Melia Fitriani

Belum menuliskan informasi profilenya.

Selengkapnya
Navigasi Web
Seragam Kinan
Dimuat di Radar Malang Jawa Pos Group Tahun 2016

Seragam Kinan

“Kinan! Nanti jangan pulang dulu ya? Usai pengumuman kelulusan, kita rayakan bersama di belakang sekolah. Teman-teman sudah menyiapkan pilox juga lho,” ucap Rana.

Kinanti tertegun mendengar ucapan sahabatnya. “Bukannya kita belum tahu nantinya akan lulus atau enggak, kok sudah nyiapin pilox segala?”

“Aah… pasti lulus semua lah… Sekolah kita ini termasuk sekolah unggulan kan? Sudah pokoknya nanti jangan lupa ya, aku tunggu di belakang sekolah!” ujar Rana setengah berteriak. Anak lelaki yang sudah beranjak remaja itu berlari meninggalkan Kinanti yang masih terdiam di tempatnya, menyusul teman-temannya yang mendapat tumpangan gratis sebuah mobil pick up untuk pulang.

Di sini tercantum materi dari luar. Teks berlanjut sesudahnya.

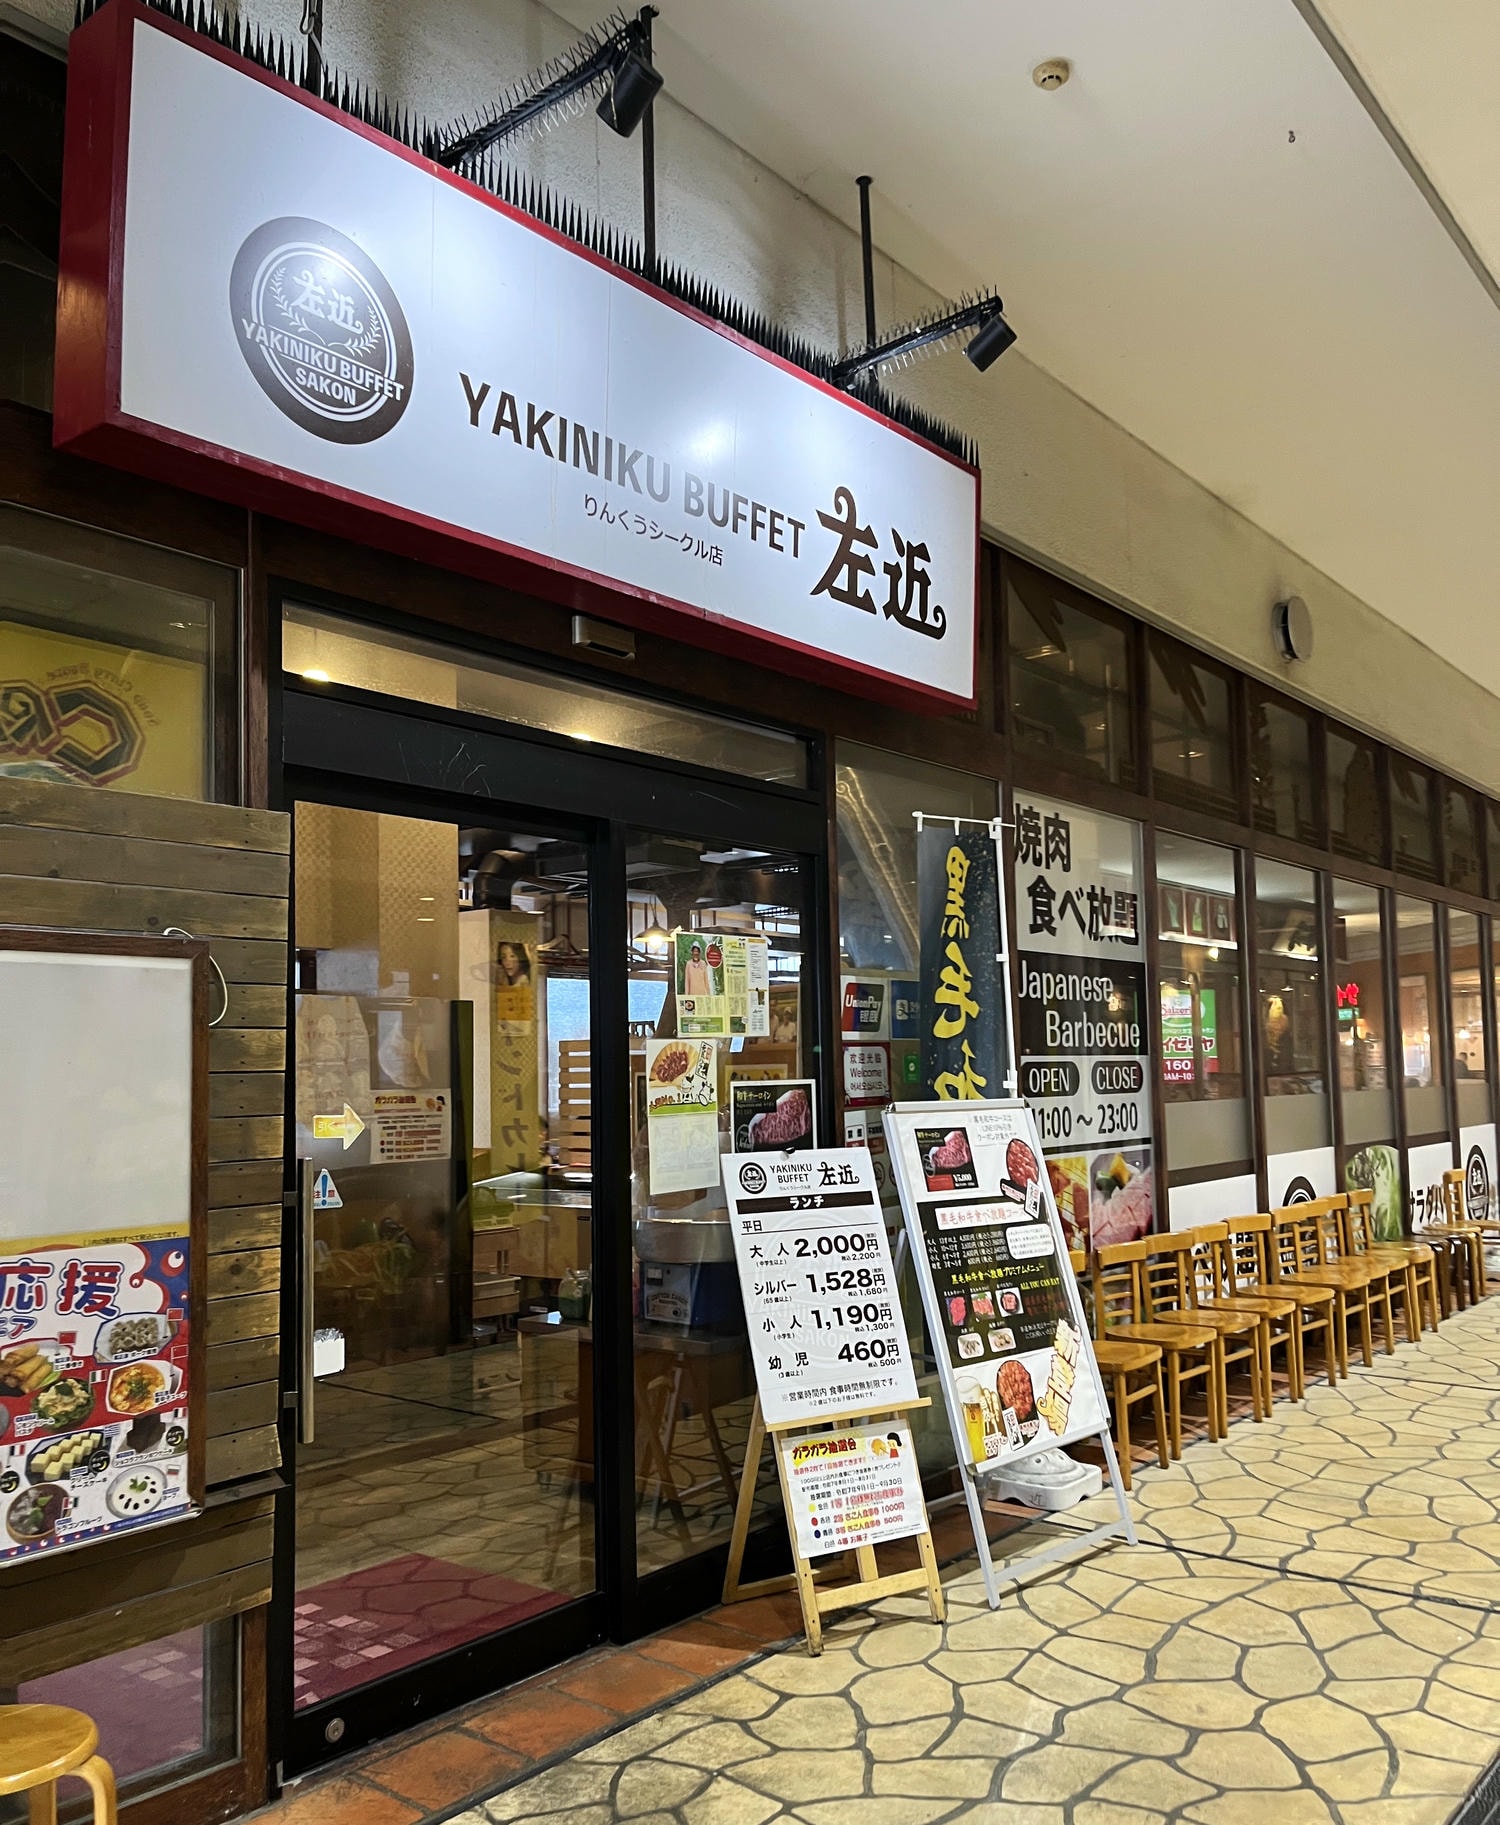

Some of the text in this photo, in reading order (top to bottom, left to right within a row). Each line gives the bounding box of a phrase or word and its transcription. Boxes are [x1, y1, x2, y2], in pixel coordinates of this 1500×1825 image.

[291, 270, 364, 334] 左近
[241, 318, 404, 401] YAKINIKU BUFFET
[295, 367, 356, 406] SAKON
[459, 371, 805, 559] YAKINIKU BUFFET
[584, 494, 723, 566] りんくうシークル店
[809, 486, 946, 640] 左近
[1014, 803, 1071, 873] 焼肉
[1027, 875, 1139, 946] 食べ放題
[845, 995, 881, 1009] UnionPay
[1018, 960, 1114, 1006] Japanese
[1046, 1010, 1140, 1048] Barbecue
[850, 1068, 882, 1079] Welcome
[1028, 1066, 1138, 1093] OPEN CLOSE
[1097, 1102, 1138, 1134] 23:00
[770, 1163, 812, 1174] YAKINIKU
[778, 1174, 809, 1184] BUFFET
[817, 1161, 859, 1187] 左近
[789, 1195, 824, 1209] ランチ
[742, 1220, 763, 1232] 平日
[0, 1257, 123, 1318] 応援
[754, 1280, 797, 1295] シルバー

Kinanti belum beranjak dari tempat duduknya. Banyak hal yang berkecamuk dalam hati. Hari ini adalah hari pengumuman kelulusan SMP Negeri I tempatnya menempuh pendidikan selama tiga tahun. Kepala sekolah dan dewan guru sepakat menyampaikan pengumuman pukul 13.00, dan siswa harus didampingi oleh orangtua masing-masing. Hal tersebut untuk menghindari perilaku negatif siswa yang mungkin akan mengadakan konvoi, corat-coret seragam dan hal-hal negatif lainnya.

Tapi yang namanya remaja, selalu ada saja cara mereka untuk lepas dari pengawasan orangtua dan merayakan kelulusan dengan mencoret-coret pakaian. Hal itulah yang kini tengah dirisaukan Kinanti.

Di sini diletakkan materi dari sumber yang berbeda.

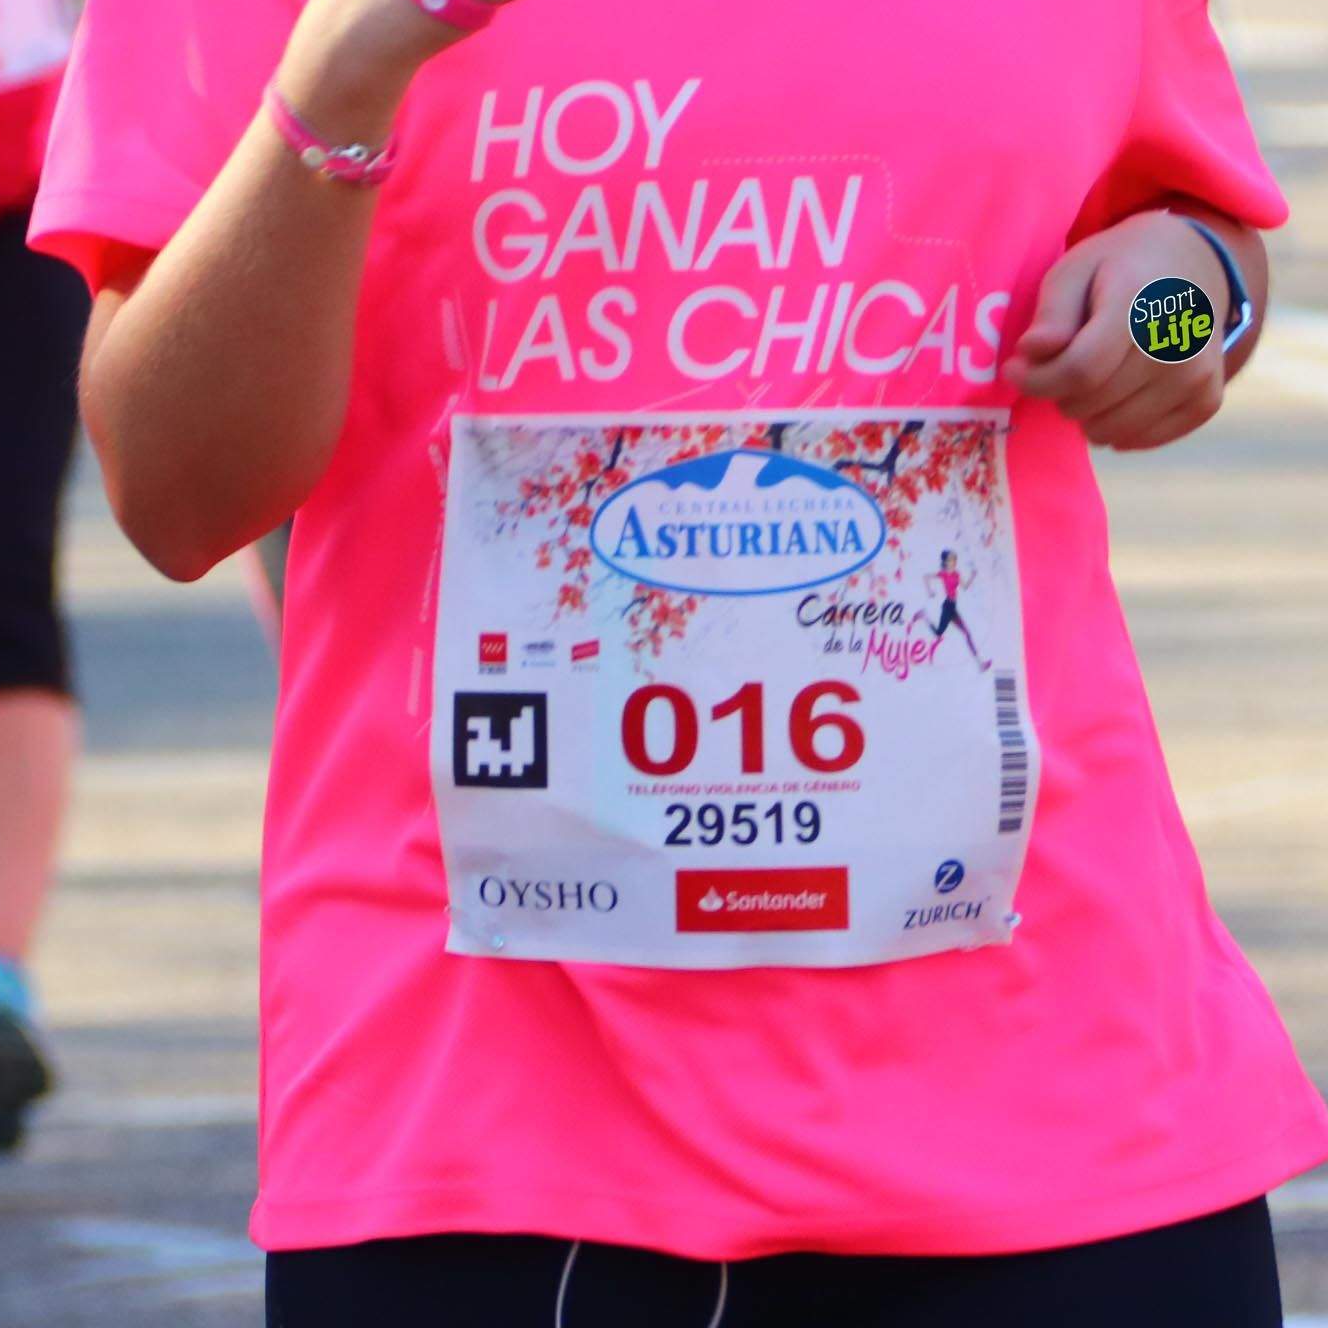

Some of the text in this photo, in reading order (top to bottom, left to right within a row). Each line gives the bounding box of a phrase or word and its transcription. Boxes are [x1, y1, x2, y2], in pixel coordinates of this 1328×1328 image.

[470, 77, 703, 183] HOY
[471, 174, 863, 284] GANAN
[477, 278, 1011, 391] LAS CHICAS
[657, 498, 754, 515] CENTRAL
[613, 504, 866, 559] ASTURIANA
[796, 593, 905, 628] Carrera
[824, 626, 944, 681] de la Mujer
[620, 679, 866, 777] 016
[782, 781, 800, 793] DE
[663, 800, 822, 847] 29519
[478, 875, 619, 913] OYSHO
[726, 889, 828, 912] Santander
[904, 900, 983, 930] ZURICH

Seragam sekolah yang dipakainya sudah lusuh. Warna putihnya sudah mulai pudar sejak dia memakainya tiga tahun lalu. namun seragam itu tak pernah diganti dengan yang baru. Seragam lusuh itu yang menjadi saksi perjalanan Kinanti selama tiga tahun ini, dan Kinanti tak rela jika seragam ini nantinya harus dicoret-coret oleh kawan-kawannya.

Diliriknya jarum jam pada arloji yang melingkar di tangan kirinya. Masih pukul sepuluh seperempat. Siswa kelas sembilan hampir semuanya telah pulang ke rumah masing-masing, kembali ke sekolah lagi nanti, saat pengumuman pukul 13.00. Masih sekitar tiga jam lagi.

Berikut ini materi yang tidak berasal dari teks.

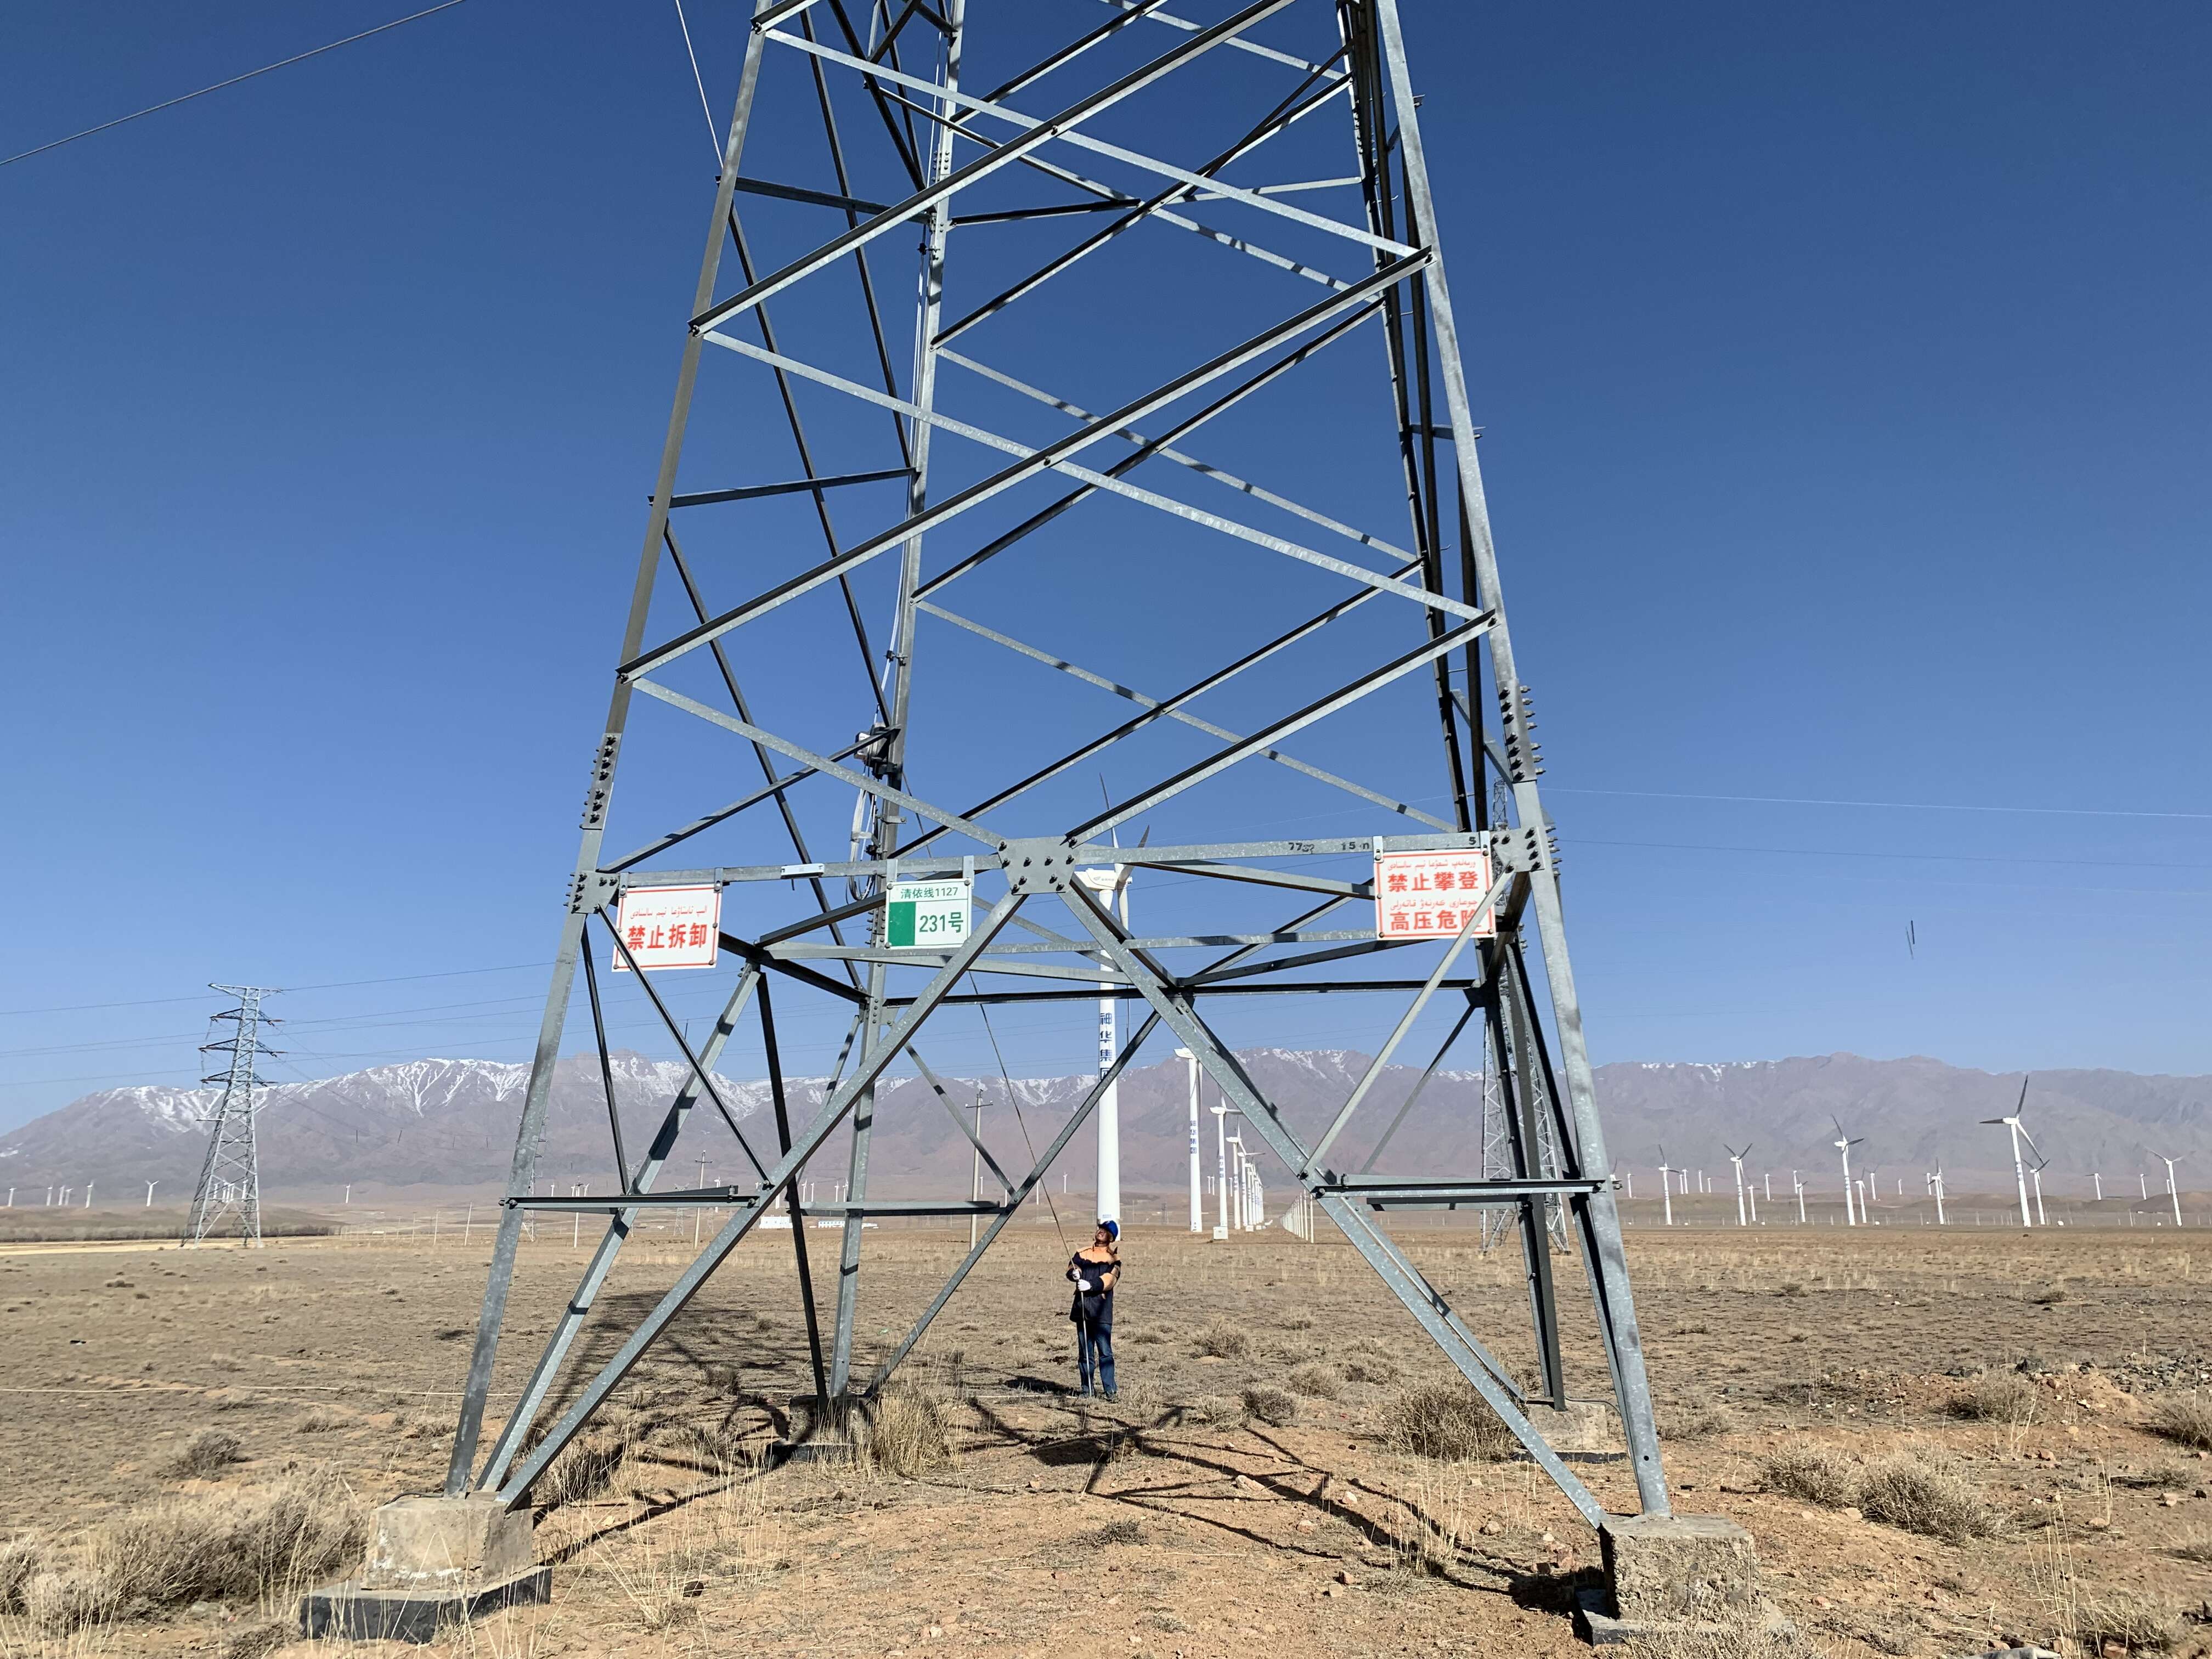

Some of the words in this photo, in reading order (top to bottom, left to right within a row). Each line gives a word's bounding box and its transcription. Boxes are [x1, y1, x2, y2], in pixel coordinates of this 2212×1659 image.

[1387, 870, 1479, 893] 禁止攀登
[900, 887, 958, 899] 清依线1127
[919, 911, 964, 933] 231号
[627, 922, 708, 951] 禁止拆卸

Waktu berlalu, Kinanti semakin gelisah. Seragam yang dikenakannya itu sangat disayanginya. Bukan hanya karena menjadi saksi perjuangannya selama tiga tahun ini. Bukan. Lebih dari itu, seragam ini adalah satu-satunya seragam peninggalan Karina, kakak semata wayangnya yang telah meninggal karena kecelakaan pada saat pulang sekolah.

Peristiwa itu terjadi empat tahun yang lalu. Hari terakhir Ujian Nasional SMP. Karina yang lincah dan cerdas telah selesai mengerjakan soal-soal ujiannya. Gembira hatinya karena semua soal yang diujikan sesuai dengan materi yang telah dipelajari dan dihapalkannya selama ini. Dengan canda tawa dia menunggu bus untuk pulang bersama kawan-kawannya. Namun malang tak dapat ditolak. Sebuah truk bermuatan berat melintas dengan cepat di depan sekolah, tepat ketika gadis manis itu menyeberang.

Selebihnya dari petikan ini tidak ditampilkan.